O vinho faz parte da identidade portuguesa e dos nossos hábitos à mesa. Os rituais têm passado de geração em geração e por mais que o consumo se mantenha, há novas formas de beber vinho e outras bebidas alcoólicas. As Gerações Z e os Millennials, que correspondem a pessoas nascidas entre o final da década de 1990 e o início da década de 2010, e aqueles que nasceram entre 1981 e 1996, respetivamente, estão a mudar os hábitos de consumo e é sobre eles que se fala na sessão "As Gerações Z e Millennials: Como Estão a Redefinir o Consumo de Bebidas?" do evento Casa Nossa, da Prime Drinks.
Num painel composto por mulheres ligadas ao vinho – Paula Jordão (Sonae MC), Filipa Garcia (Garcias), Rita Amzalak (Havas Media) e Joana Freitas (Casa Ermelinda Freitas) – todas refletem sobre as novas gerações e identificam uma clara tendência a que cada vez mais as marcas estão atentas.

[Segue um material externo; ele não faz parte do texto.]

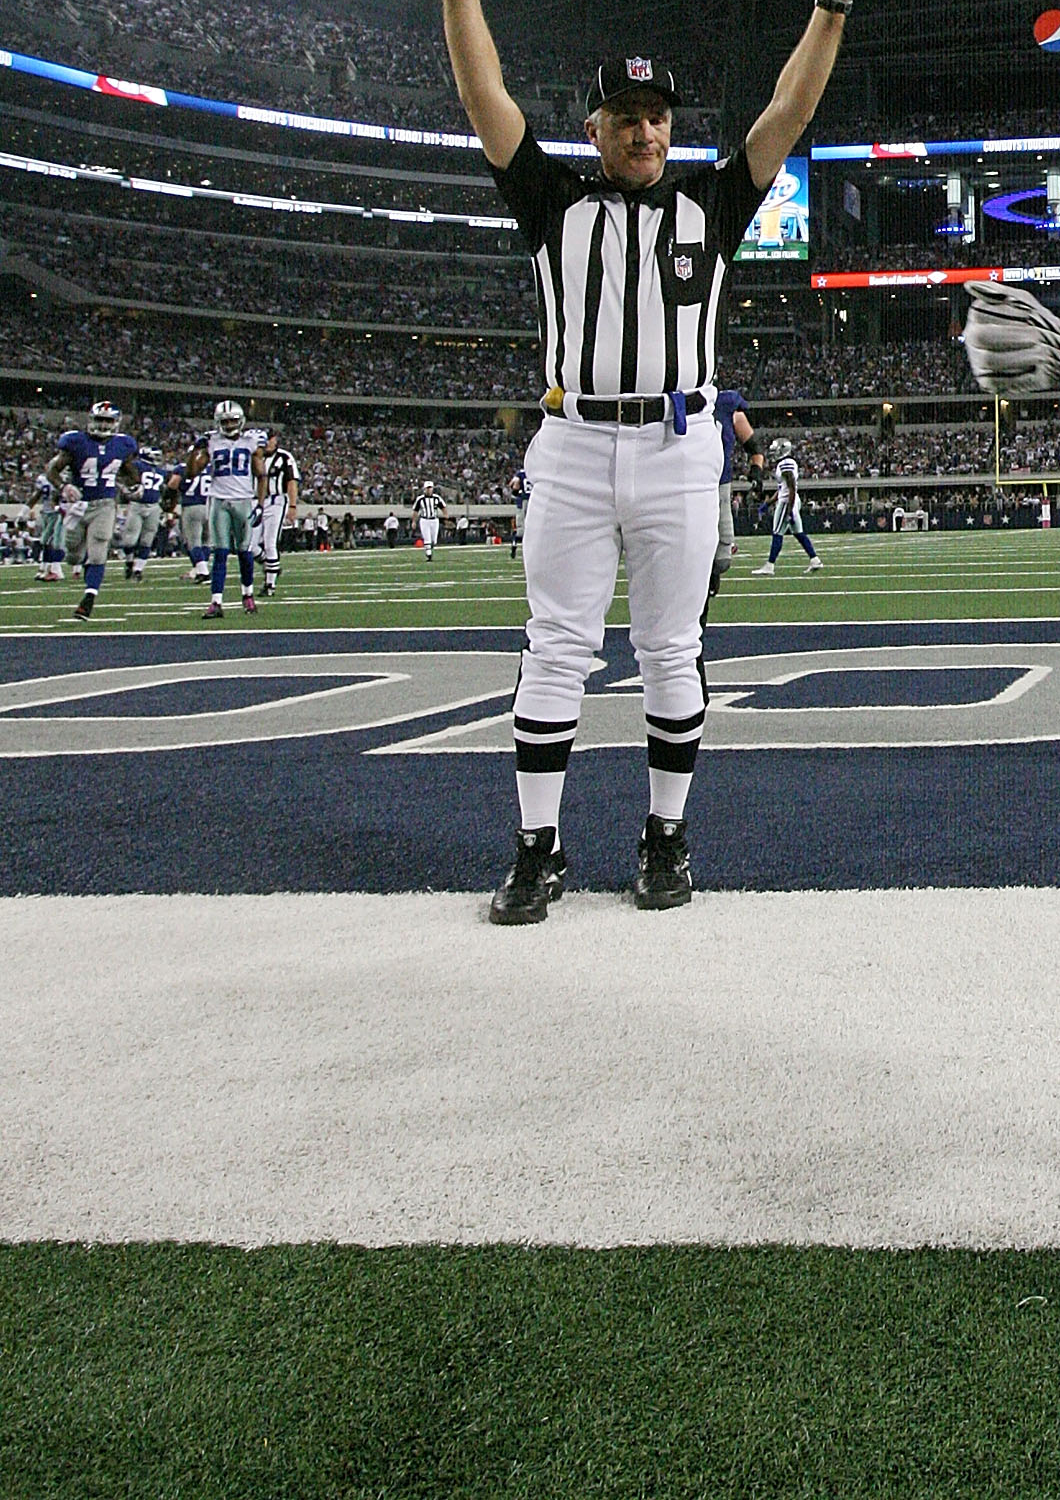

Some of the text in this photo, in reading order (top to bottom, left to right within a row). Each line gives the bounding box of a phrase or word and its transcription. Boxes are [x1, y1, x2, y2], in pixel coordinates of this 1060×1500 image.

[238, 105, 287, 126] COWBOYS
[288, 113, 350, 135] TOUCHDOWN
[351, 123, 386, 140] TRAVEL
[423, 131, 468, 148] 511-2005
[983, 139, 1023, 152] COWBOYS
[80, 457, 123, 488] 44
[212, 449, 251, 477] 20
[142, 472, 164, 490] 67
[184, 475, 212, 497] 76

"Nota-se que as novas gerações estão muito abertas a coisas mais leves, mas não querem de qualquer forma sair do álcool. Procuram produtos alcoólicos, mais leves e é para aí que estão a caminhar. Há um trabalho, claro, nas multinacionais do setor, com a introdução de bebidas sem álcool no mercado, o que é bastante desafiante, também pelo preço", afirma Filipa Garcia, da Garcias.
No entanto, mais do que bebidas sem álcool ou com um menor teor alcoólico, o que as novas gerações procuram são experiências, do rótulo ao copo.

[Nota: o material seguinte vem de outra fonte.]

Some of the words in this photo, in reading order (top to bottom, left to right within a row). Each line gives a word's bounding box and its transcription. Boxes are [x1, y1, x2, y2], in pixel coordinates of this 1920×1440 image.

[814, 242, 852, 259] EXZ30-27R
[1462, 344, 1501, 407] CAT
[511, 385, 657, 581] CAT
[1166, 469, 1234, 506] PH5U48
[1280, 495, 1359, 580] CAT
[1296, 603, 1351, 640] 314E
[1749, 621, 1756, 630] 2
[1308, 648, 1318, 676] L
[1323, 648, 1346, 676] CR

"Os rótulos têm de ser cada vez mais chamativos, porque é isso que os atrai e é também parte da experiência. Porque aquele rótulo tem de contar uma história, tem de ter um significado. Ao criarmos uma marca temos de pensar nisto tudo. Já não chega pensarmos num vinho, fazê-lo, e colocá-lo na prateleira. O rótulo e o nome têm de ter significado, porque as novas gerações vão à procura da história. Portanto, hoje em dia, todos os detalhes são bem pensados", afirma Joana Freitas, da Casa Ermelinda Freitas.
Rótulos como o do novo vinho Micasta, que mostramos na galeria de imagens, ou dos novos vinhos algarvios Uca, assim como o nome dos vinhos Qsf (Que se Foda) são atualmente mais atraentes para um público que procura mais do que o sumo da uva que se contra no interior. Contudo, no momento de escolher nem sempre a estética é o fator mais determinante.
"Entre um vinho mais bonito e um mais tradicional, acho que vão querer o mais bonito se o preço corresponder à expetativa. Caso contrário, se calhar vão para a tradicional, porque já confiam", encerra Joana Freitas.